For days, Puerto Rico and its Caribbean neighbors endured one of the worst hurricanes in recent memory. While many people are motivated to donate personally, many are also asking how Congress can help Puerto Rico recover in this time of need. In the week after the storm's landfall, Hurricane Maria continues to wind its way through the Atlantic. People worldwide are seeing firsthand the devastation it's already caused, and many are calling on President Donald Trump, his administration, and Congress to assist.
After mounting public pressure to prioritize Puerto Rico, Trump has announced he'll be visiting the island next week, as he did for Florida and Texas following Hurricanes Irma and Harvey, respectively.
On Monday, the Washington Post reports, Governor Ricardo Rosselló praised the Federal Emergency Management Agency (FEMA) and its response to Maria, delivering much-needed supplies to the island. According to CNN, FEMA currently has $5.03 billion in disaster funds available, with another $6.7 billion coming in October when the news fiscal year begins.

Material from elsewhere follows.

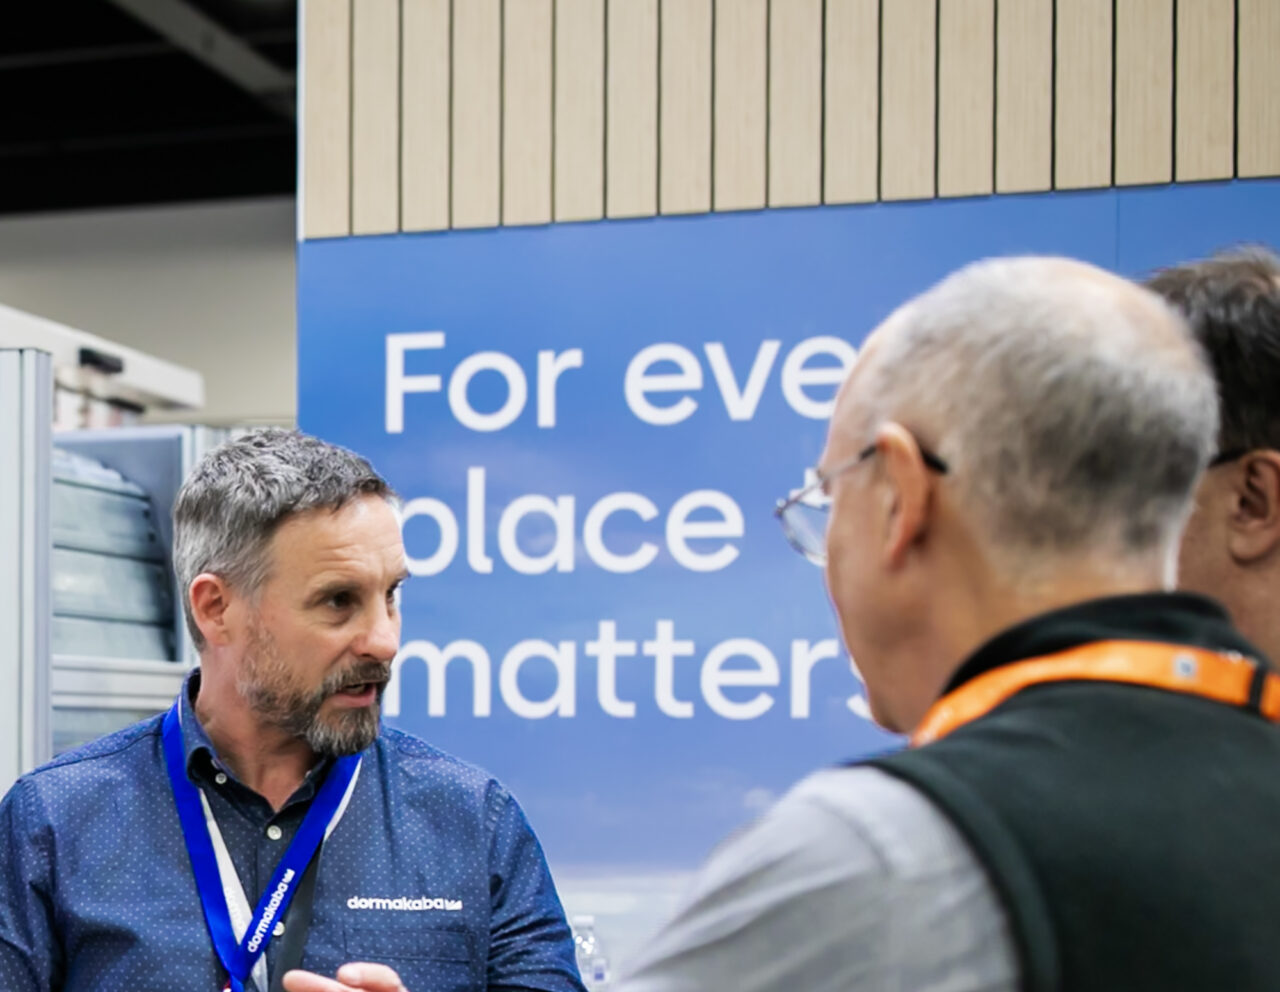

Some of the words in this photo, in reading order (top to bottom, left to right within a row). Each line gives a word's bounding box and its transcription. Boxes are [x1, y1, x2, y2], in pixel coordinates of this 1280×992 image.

But Puerto Rico's fate extends beyond shipments of meals and water to the island.
Leaders call for long-term funding bill to tackle basic rebuilding needs.
Rosselló has called on Washington to continue to fund the island in what will be a very long road to recovery, likely in the form of a long-term aid bill. Currently, FEMA is sending aid to Puerto Rico using some of the $15 billion Congress approved to help victims of the hurricanes this season. Because Puerto Ricans are U.S. citizens and a sizable chunk live on the mainland -- where they can vote in elections -- there is more pressure on the government to not shirk their responsibility to assist.
Congress is expecting Trump's official request for funding sometime in mid-October, after the administration has determined how much is needed, according to two sources that spoke to CNN. White House Press Secretary Sarah Huckabee Sanders said that the full extent of the damage -- and therefore its costs -- is still being assessed.
Multiple members of Congress have called for a long-term aid package and other measures. Senators Marco Rubio and Bill Nelson, joined by Senator Chuck Schumer, House Speaker Paul Ryan, and others, called for government funding. Rep. Jose Serrano of New York reportedly is asking for a task force to address the massive rebuilding project. Senator Kirsten Gillibrand penned an op-ed in the Times urging her colleagues to send aid.
It is up to mainland leaders not to stint on aid for Puerto Rico and the U.S. Virgin Islands, however lacking they may be in political clout in Washington.
Loosening loan payments may help relieve economic pressures.
Puerto Rico was in dire straights economically before Hurricane Maria, and the storm only worsened the condition. In June 2016, Congress passed a debt relief bill for Puerto Rico, and the island declared bankruptcy earlier this year. According to the New York Times, some Democrats in Congress want swift action on another relief bill after Maria, and have some of the island's outstanding loan payments to the government forgiven.
In a move that some called tasteless, Trump even brought up the outstanding debt when he finally mentioned Puerto Rico on Twitter:
Action on legislation is complicated by the fact that the island's voice is limited in Washington. The U.S. Virgin Islands, also hard hit by the storm, has a representative, Stacey Plaskett, and Puerto Rico has a resident commissioner, Jenniffer Gonzalez-Colon, but neither has a vote in Congress.
House Appropriations Committee Chairman Rodney Frelinghuysen said he was committed to acting of behalf of Puerto Rico. In a statement, he expressed solidarity with the island and added,
[Puerto Ricans] should be reassured that they are entitled to equal treatment under the law and the Appropriations Committee and House leadership will assure that every step of the way.
Undoing the Jones Act is another tool Congress can use to ease pressure.
Slate and Fortune both call for Congress to address the Jones Act, which was originally passed to keep Americans savvy in the seafaring trade and prevents domestic shipping from being conducted by anything other than U.S. owned and staffed ships. So for an island like Puerto Rico, which gets the vast majority of its food imported from elsewhere, having to comply with this law is burdensome and can in some cases prove to be more expensive.
If Congress waives this act, Puerto Rico could accept ships regardless of their nationality, which may open up cheaper food source options during a difficult rebuilding period, Slate reports. This may relieve some of the pressures moving forward. Rep. Nydia Velazquez has also asked for this restriction to be waived.
Overall, Congress needs to show greater priority for Puerto Rico moving forward.
Senator Marco Rubio of Florida has been one of the most outspoken advocates to ensure that Puerto Rico is given equal treatment and has the access it needs to federal funding.
He's one of a chorus of voices that are calling for more than just a Band-Aid solution to Puerto Rico's troubles. As many have pointed out, it shouldn't have taken a devastating hurricane costing human lives to make the government realize that Puerto Rico was in trouble. Hopefully Congress will respond with appropriate actions to help their fellow citizens, who have a long road to rebuild their homes.